Set down, in full, every record in the block.
━━ Available data ━━
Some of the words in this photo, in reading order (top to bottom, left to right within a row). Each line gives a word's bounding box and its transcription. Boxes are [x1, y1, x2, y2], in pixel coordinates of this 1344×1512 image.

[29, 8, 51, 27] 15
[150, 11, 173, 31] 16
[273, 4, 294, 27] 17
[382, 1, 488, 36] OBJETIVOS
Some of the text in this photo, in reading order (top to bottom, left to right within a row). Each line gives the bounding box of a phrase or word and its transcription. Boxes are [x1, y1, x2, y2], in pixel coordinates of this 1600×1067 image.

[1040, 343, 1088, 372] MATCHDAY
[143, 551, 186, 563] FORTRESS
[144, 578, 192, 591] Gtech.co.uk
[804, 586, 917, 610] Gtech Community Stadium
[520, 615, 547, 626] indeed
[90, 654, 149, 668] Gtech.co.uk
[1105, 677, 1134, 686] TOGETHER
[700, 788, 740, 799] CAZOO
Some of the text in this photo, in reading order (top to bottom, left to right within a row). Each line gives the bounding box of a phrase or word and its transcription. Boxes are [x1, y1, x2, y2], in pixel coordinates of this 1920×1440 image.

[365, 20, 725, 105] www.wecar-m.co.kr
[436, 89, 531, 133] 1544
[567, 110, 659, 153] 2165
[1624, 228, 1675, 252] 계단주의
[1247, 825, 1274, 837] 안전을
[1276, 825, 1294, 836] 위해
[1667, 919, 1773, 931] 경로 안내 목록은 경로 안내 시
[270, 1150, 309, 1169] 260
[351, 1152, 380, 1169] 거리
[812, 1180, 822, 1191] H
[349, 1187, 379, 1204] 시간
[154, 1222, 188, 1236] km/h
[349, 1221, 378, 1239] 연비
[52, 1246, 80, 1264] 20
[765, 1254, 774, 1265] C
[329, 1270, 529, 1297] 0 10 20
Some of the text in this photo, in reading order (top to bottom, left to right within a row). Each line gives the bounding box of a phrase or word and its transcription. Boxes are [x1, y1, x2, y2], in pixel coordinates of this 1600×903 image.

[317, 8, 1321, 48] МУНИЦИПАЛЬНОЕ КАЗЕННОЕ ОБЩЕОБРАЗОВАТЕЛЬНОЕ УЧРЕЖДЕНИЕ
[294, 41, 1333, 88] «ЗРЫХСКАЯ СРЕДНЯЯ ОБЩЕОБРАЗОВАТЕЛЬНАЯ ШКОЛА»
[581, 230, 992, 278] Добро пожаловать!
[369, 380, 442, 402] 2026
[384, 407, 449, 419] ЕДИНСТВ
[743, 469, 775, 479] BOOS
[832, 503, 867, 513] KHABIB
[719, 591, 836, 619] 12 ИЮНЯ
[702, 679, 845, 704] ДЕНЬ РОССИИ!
━━━
◆ Solution for this task ◆
Some of the words in this photo, in reading order (top to bottom, left to right within a row). Each line gives a word's bounding box and its transcription. Boxes are [x1, y1, x2, y2], in pixel coordinates of this 1344×1512 image.

[29, 8, 51, 27] 15
[150, 11, 173, 31] 16
[273, 4, 294, 27] 17
[382, 1, 488, 36] OBJETIVOS
Some of the text in this photo, in reading order (top to bottom, left to right within a row). Each line gives the bounding box of a phrase or word and its transcription. Boxes are [x1, y1, x2, y2], in pixel coordinates of this 1600×1067 image.

[1040, 343, 1088, 372] MATCHDAY
[143, 551, 186, 563] FORTRESS
[144, 578, 192, 591] Gtech.co.uk
[804, 586, 917, 610] Gtech Community Stadium
[520, 615, 547, 626] indeed
[90, 654, 149, 668] Gtech.co.uk
[1105, 677, 1134, 686] TOGETHER
[700, 788, 740, 799] CAZOO
Some of the text in this photo, in reading order (top to bottom, left to right within a row). Each line gives the bounding box of a phrase or word and its transcription. Boxes are [x1, y1, x2, y2], in pixel coordinates of this 1920×1440 image.

[365, 20, 725, 105] www.wecar-m.co.kr
[436, 89, 531, 133] 1544
[567, 110, 659, 153] 2165
[1624, 228, 1675, 252] 계단주의
[1247, 825, 1274, 837] 안전을
[1276, 825, 1294, 836] 위해
[1667, 919, 1773, 931] 경로 안내 목록은 경로 안내 시
[270, 1150, 309, 1169] 260
[351, 1152, 380, 1169] 거리
[812, 1180, 822, 1191] H
[349, 1187, 379, 1204] 시간
[154, 1222, 188, 1236] km/h
[349, 1221, 378, 1239] 연비
[52, 1246, 80, 1264] 20
[765, 1254, 774, 1265] C
[329, 1270, 529, 1297] 0 10 20
Some of the text in this photo, in reading order (top to bottom, left to right within a row). Each line gives the bounding box of a phrase or word and its transcription. Boxes are [x1, y1, x2, y2], in pixel coordinates of this 1600×903 image.

[317, 8, 1321, 48] МУНИЦИПАЛЬНОЕ КАЗЕННОЕ ОБЩЕОБРАЗОВАТЕЛЬНОЕ УЧРЕЖДЕНИЕ
[294, 41, 1333, 88] «ЗРЫХСКАЯ СРЕДНЯЯ ОБЩЕОБРАЗОВАТЕЛЬНАЯ ШКОЛА»
[581, 230, 992, 278] Добро пожаловать!
[369, 380, 442, 402] 2026
[384, 407, 449, 419] ЕДИНСТВ
[743, 469, 775, 479] BOOS
[832, 503, 867, 513] KHABIB
[719, 591, 836, 619] 12 ИЮНЯ
[702, 679, 845, 704] ДЕНЬ РОССИИ!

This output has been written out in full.